Dans l'homme le plus méchant, il y a un pauvre cheval
innocent qui peine.
Marcel Proust
Commentaire I
J’ai eu envie de laisser telle quelle cette terrible
citation, et de dire « Vous qui lisez cette phrase, décidez vous-mêmes de
ce que vous en penserez, et je sais que vous le ferez : parce qu’une fois
que vous l’aurez lue, vous ne pourrez éviter de vous interroger : le plus
méchant des hommes n’est-il pas en quelque façon, un innocent ? »
Et puis je me suis dit que si je n’ai pas la prétention
de dire à qui que ce soit ce qu’il doit penser, j’ai néanmoins l’intention de
le penser moi-même et d’enfermer ces cogitations dans une cyber-bouteille que
je livre au cyber-océan du web.
L’innocence de la méchanceté… C’est un propos
d’avocat : « N’oubliez pas,
messieurs le jurés, les atroces souffrances subies par mon client dans sa
jeunesse. Les vrais responsables de ses crimes ce sont ses parents – ou les
injustices sociales – Ce sont elles qui l’ont conduit devant vous, messieurs
les Jurés, sur ce banc d’infamie… », etc. On se gardera ici de reprendre
ces propos.
Je souhaite poser le problème d’une autre façon : le
méchant n’est-il pas en réalité quelqu’un qui a voulu faire le bien, mais qui
ne s’est pas rendu compte du mal qu’il faisait ? Comme le dit Platon, Nul n’est méchant volontairement : telle
est l’innocence de celui qui se rend coupable de méchanceté.
Mais qu’importe que le méchant fasse le mal en voulant le
bien ? On sait bien que l’Enfer est pavé de bonnes intentions, mais on sait
aussi que tout homme doit se demander ce qu’il se passerait si chacun faisait
le même choix que lui-même.
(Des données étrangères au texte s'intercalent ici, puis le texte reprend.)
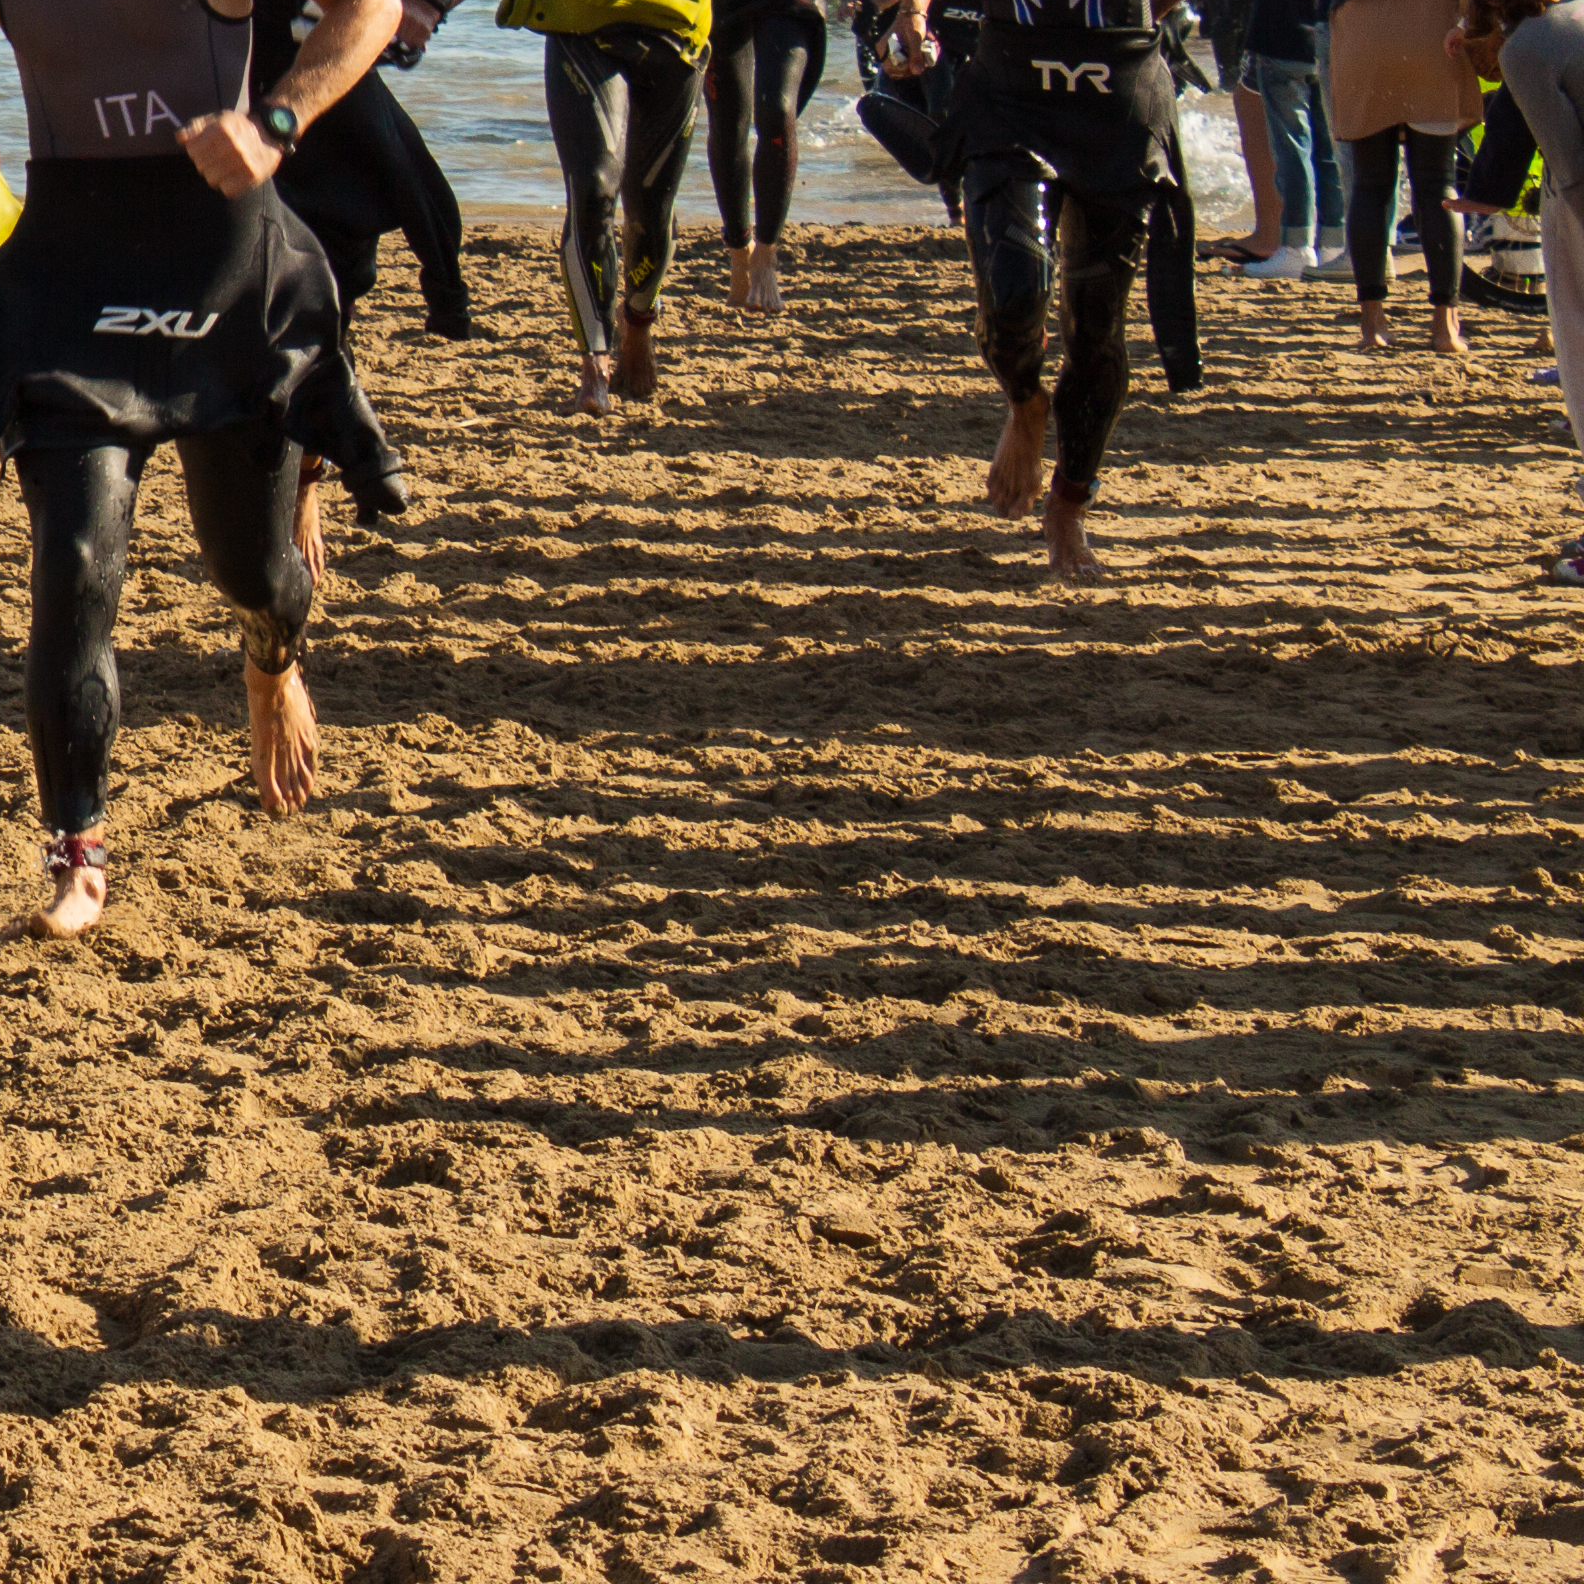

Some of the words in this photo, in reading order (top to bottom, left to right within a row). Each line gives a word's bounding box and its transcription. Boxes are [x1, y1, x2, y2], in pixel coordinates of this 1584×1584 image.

Hitler voulait « purifier » la race, mais
il ne se demandait pas si ceux-là mêmes qu’il détruisait n’avaient pas aussi le
droit d’exclure de l’humanité des hommes comme lui.
La seule réponse positive connue de moi, c’est Nietzsche
qui l’a donnée : le mal et le bien ne sont que des évaluations – qu’on
peut certes réévaluer, mais qui en réalité dépendent des forces en présence.
Force dominée :
chez Nietzsche, c’est elle qui anime la morale des esclaves. Elle consiste à
dire : Tu es méchant pare que tu me fais souffrir. La méchanceté, c’est ce
que je subis.
Force dominante :
la morale des maitres qui consiste à dire : Je suis bon, et si tu me
résistes, tu es méchant. Le bien n’est autre que l’expression de ma force. Le
mal n’est rien sauf ce qui me lie et m’exténue.